MATERIALS PROVIDED START

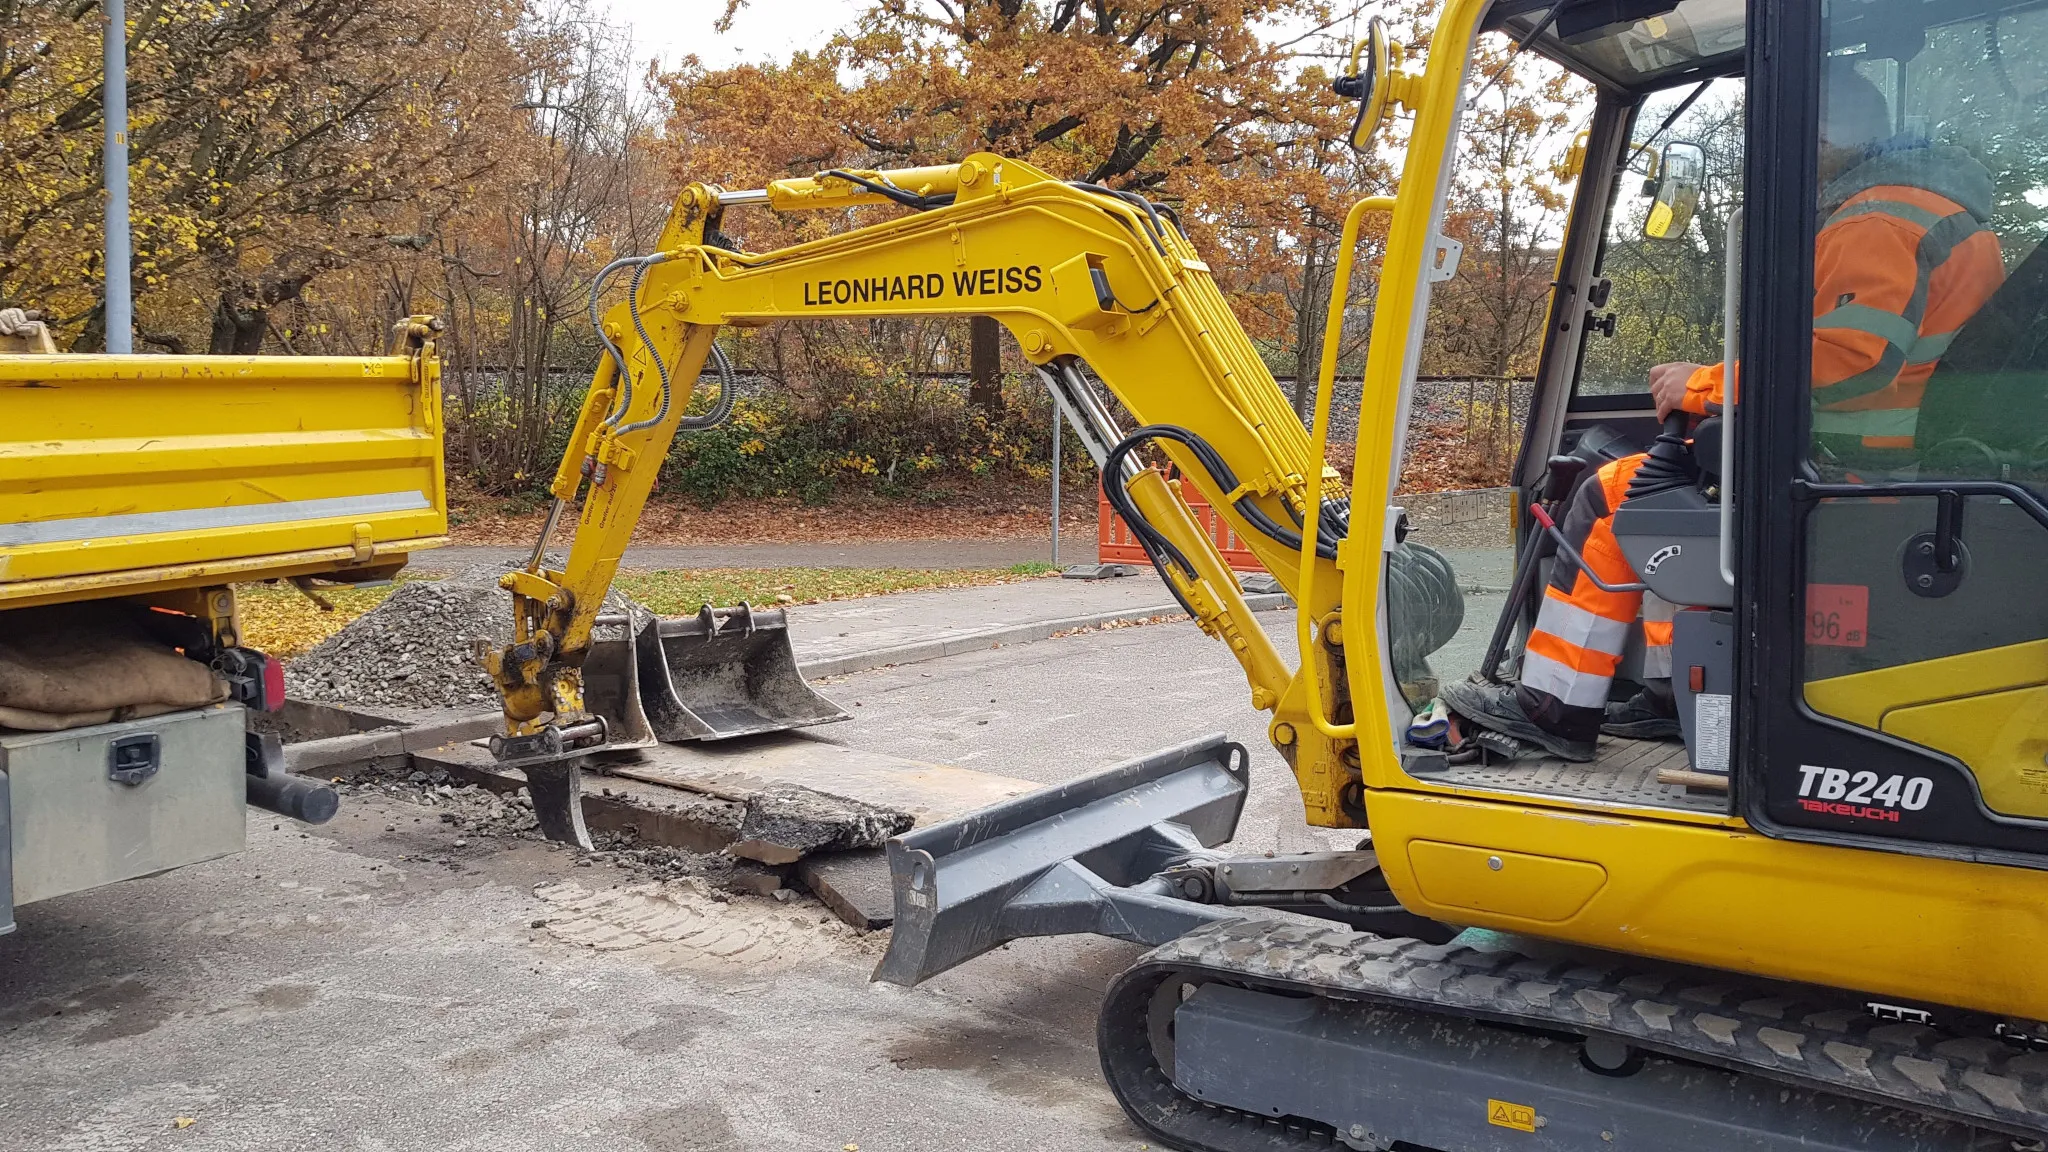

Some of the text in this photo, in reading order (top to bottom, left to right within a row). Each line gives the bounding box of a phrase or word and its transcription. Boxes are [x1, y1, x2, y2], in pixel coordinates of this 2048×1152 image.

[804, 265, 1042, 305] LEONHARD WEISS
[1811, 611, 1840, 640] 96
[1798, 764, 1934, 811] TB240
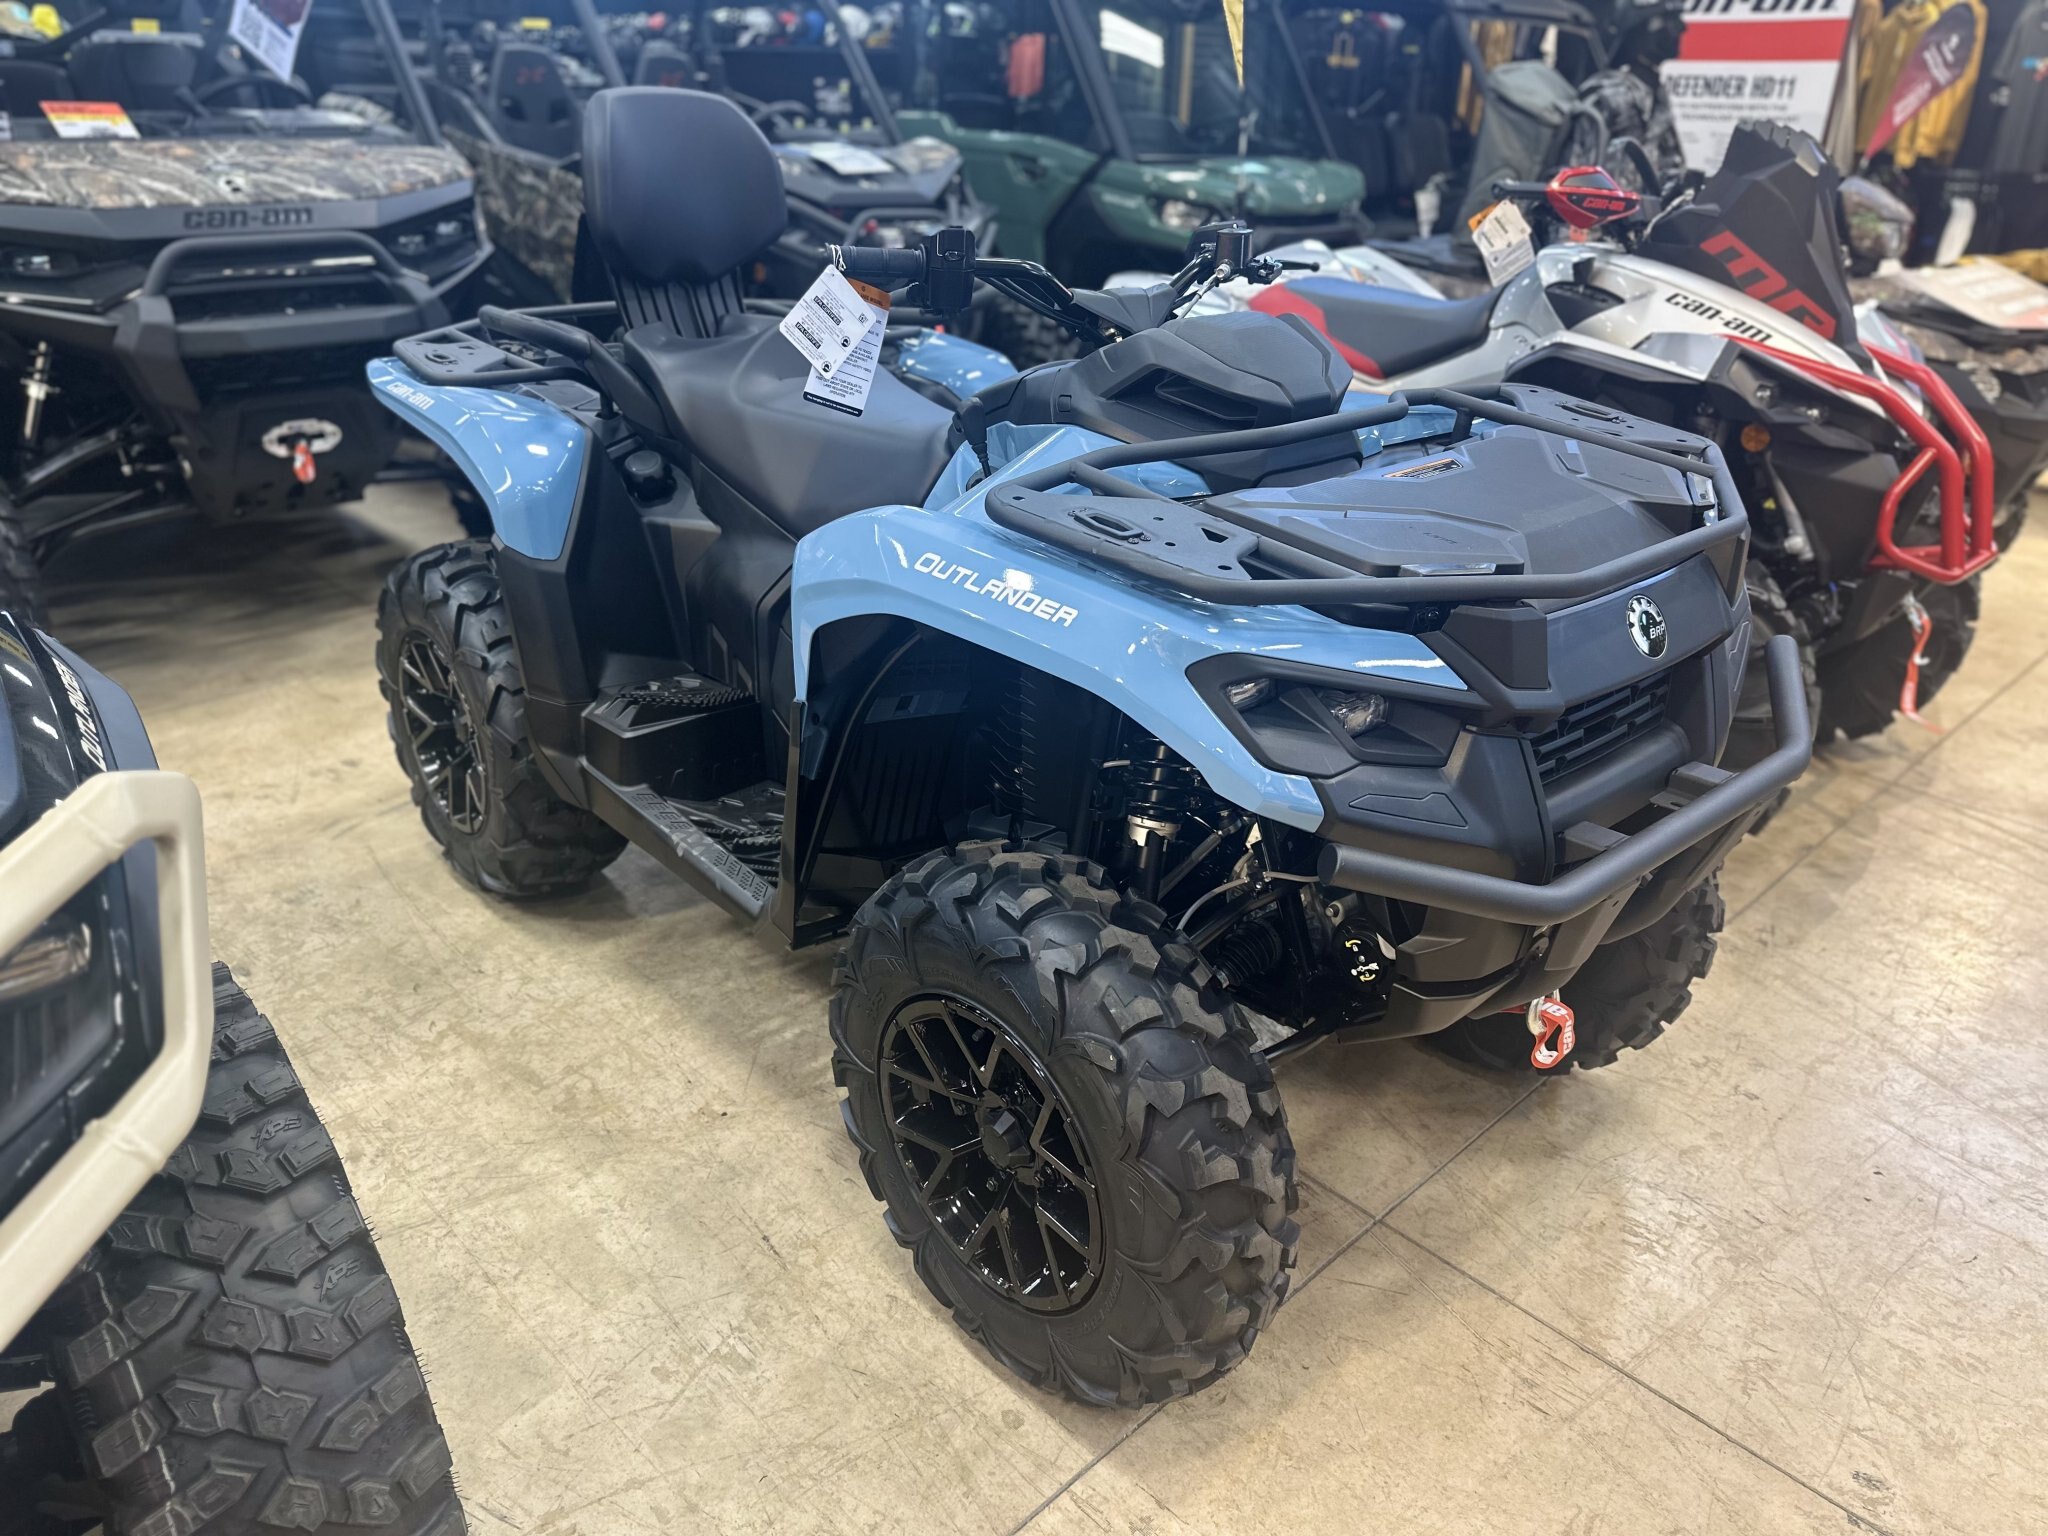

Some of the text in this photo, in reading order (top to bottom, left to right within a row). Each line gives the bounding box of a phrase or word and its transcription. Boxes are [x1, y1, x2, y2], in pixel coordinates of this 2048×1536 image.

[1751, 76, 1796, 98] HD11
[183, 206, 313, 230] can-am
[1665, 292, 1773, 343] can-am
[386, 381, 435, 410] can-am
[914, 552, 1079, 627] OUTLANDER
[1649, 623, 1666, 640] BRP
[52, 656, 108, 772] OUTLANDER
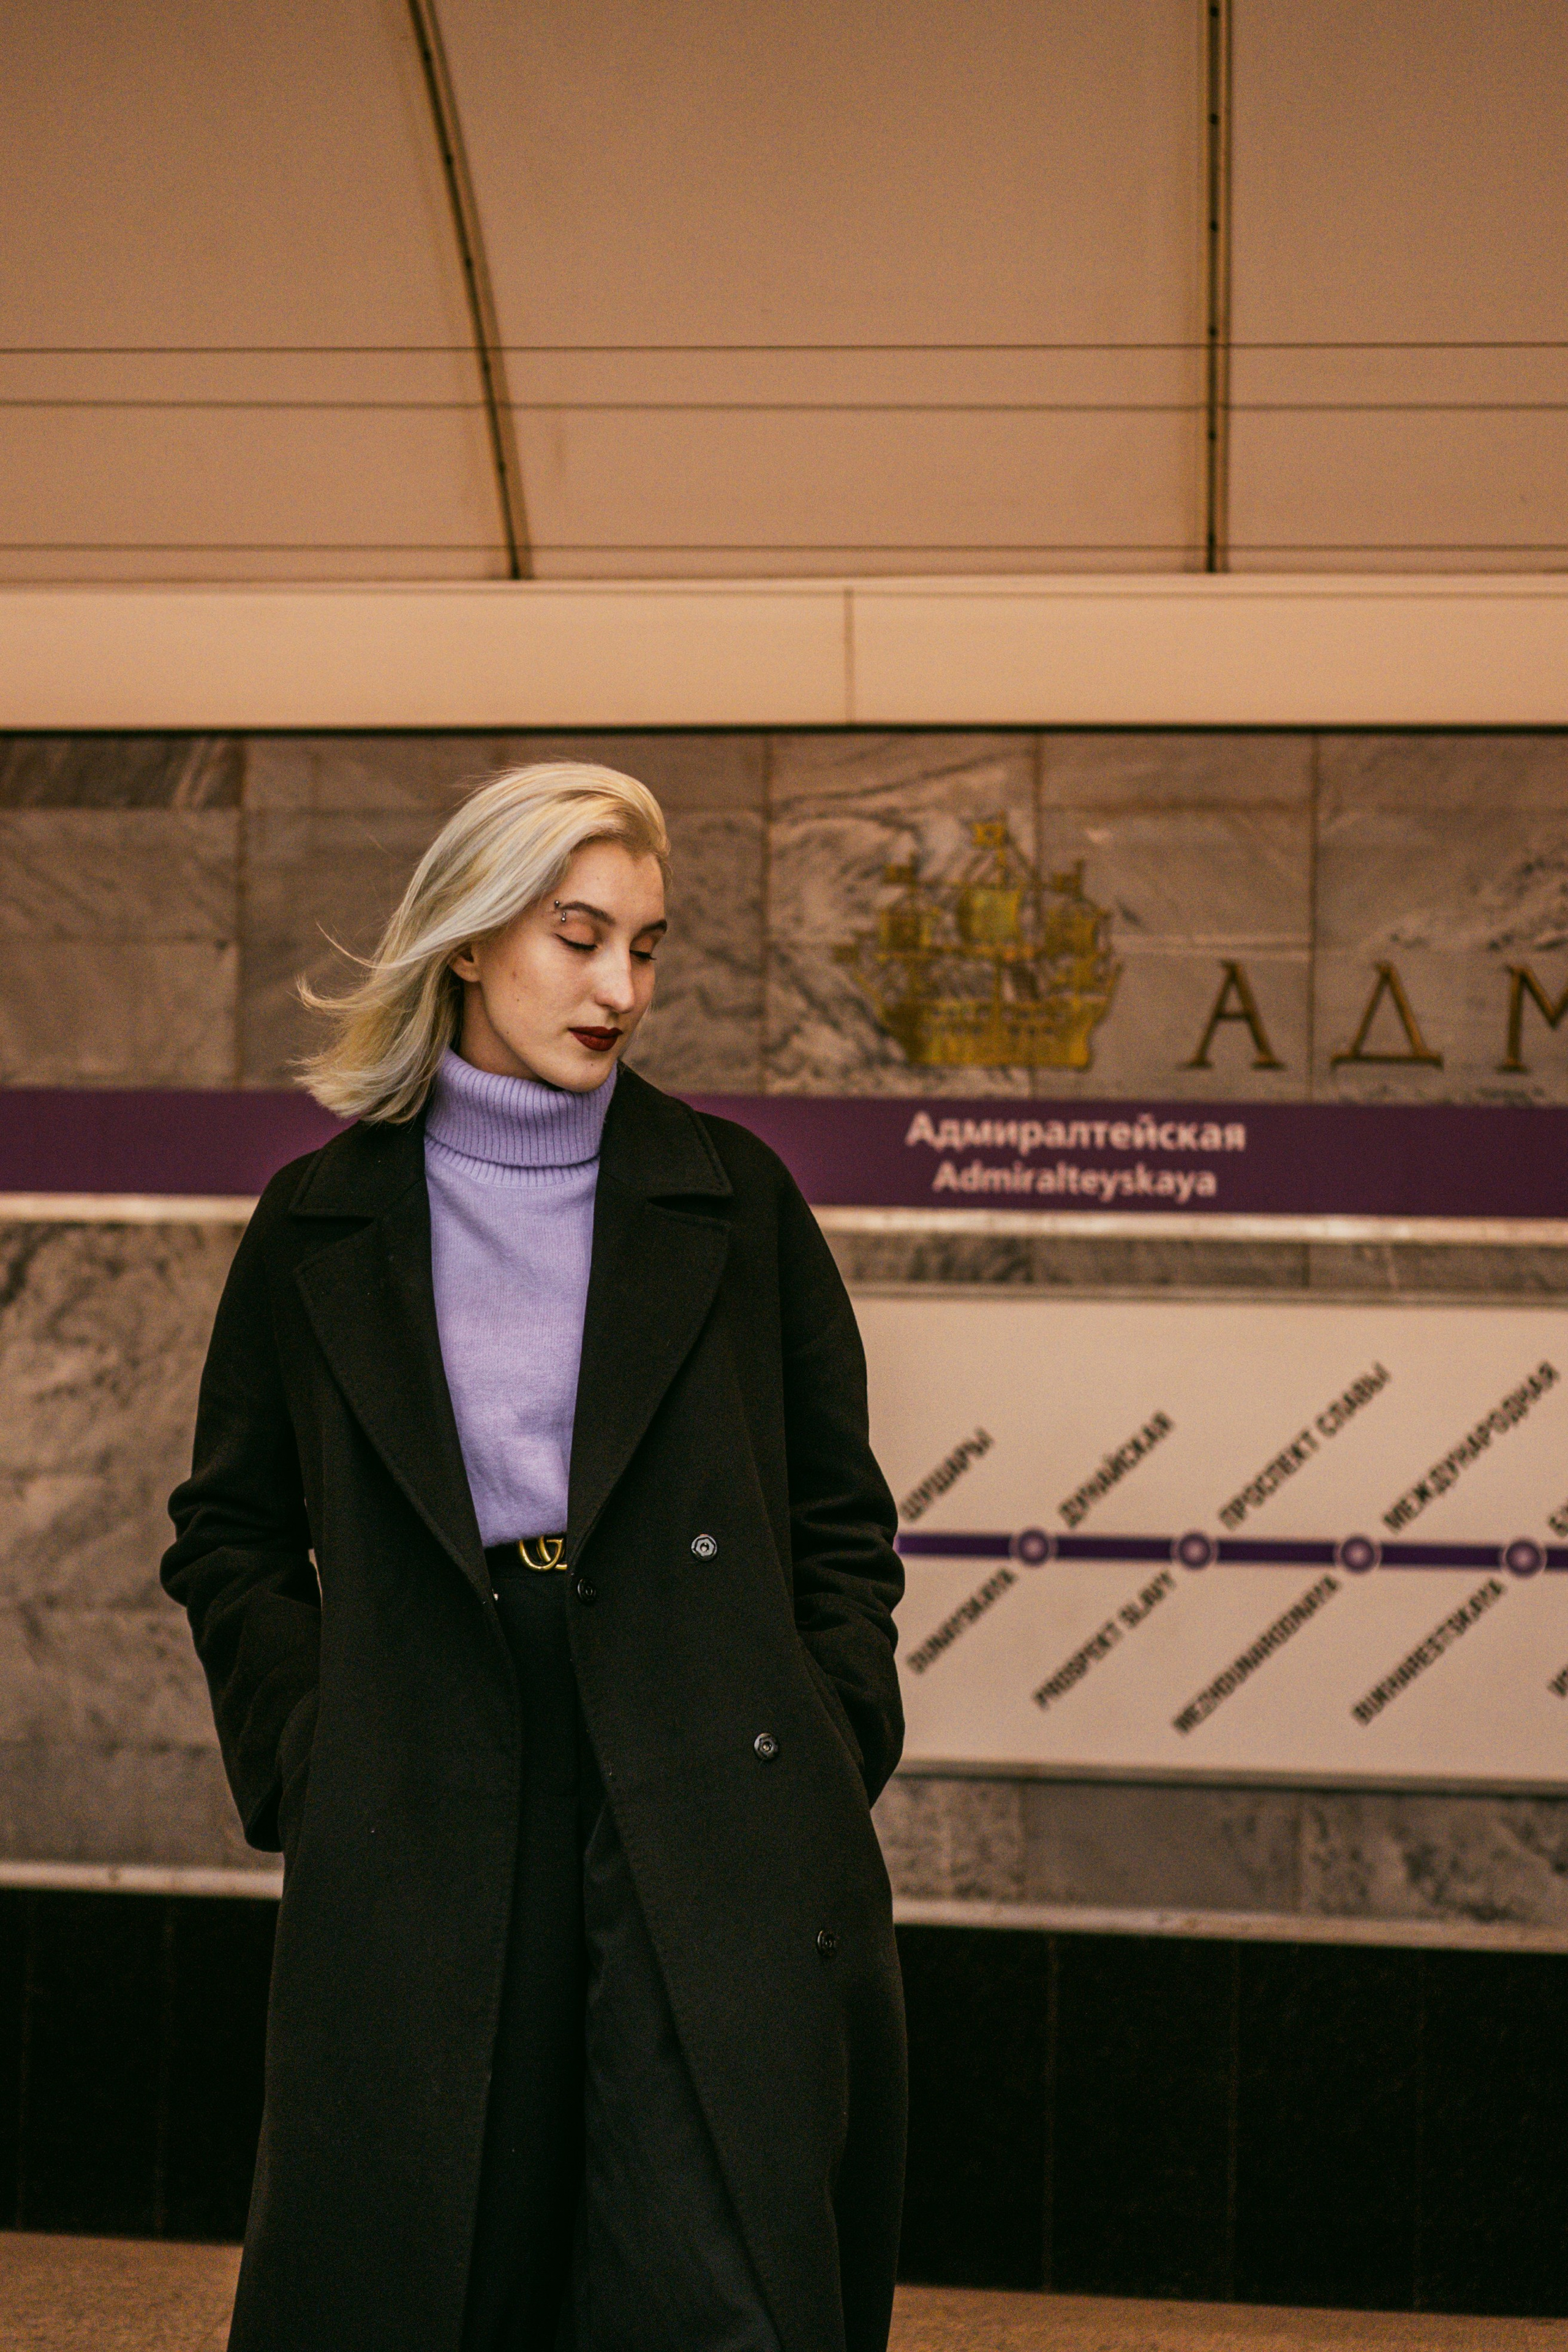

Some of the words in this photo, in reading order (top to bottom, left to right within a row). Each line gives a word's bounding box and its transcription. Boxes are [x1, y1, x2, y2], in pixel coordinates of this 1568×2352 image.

MATERIALS PROVIDED END

PROBLEM TO WORK ON =
Repeat exactly the lines from the one containing "this 2048×1536 image." to the last line of the records above, including both, and leave out any pictures.

WORKED SOLUTION =
Some of the text in this photo, in reading order (top to bottom, left to right within a row). Each line gives the bounding box of a phrase or word and its transcription. Boxes are [x1, y1, x2, y2], in pixel coordinates of this 2048×1536 image.

[1751, 76, 1796, 98] HD11
[183, 206, 313, 230] can-am
[1665, 292, 1773, 343] can-am
[386, 381, 435, 410] can-am
[914, 552, 1079, 627] OUTLANDER
[1649, 623, 1666, 640] BRP
[52, 656, 108, 772] OUTLANDER

Some of the words in this photo, in reading order (top to bottom, left to right within a row). Each line gives a word's bounding box and its transcription. Boxes are [x1, y1, x2, y2], in pixel coordinates of this 1568×2352 image.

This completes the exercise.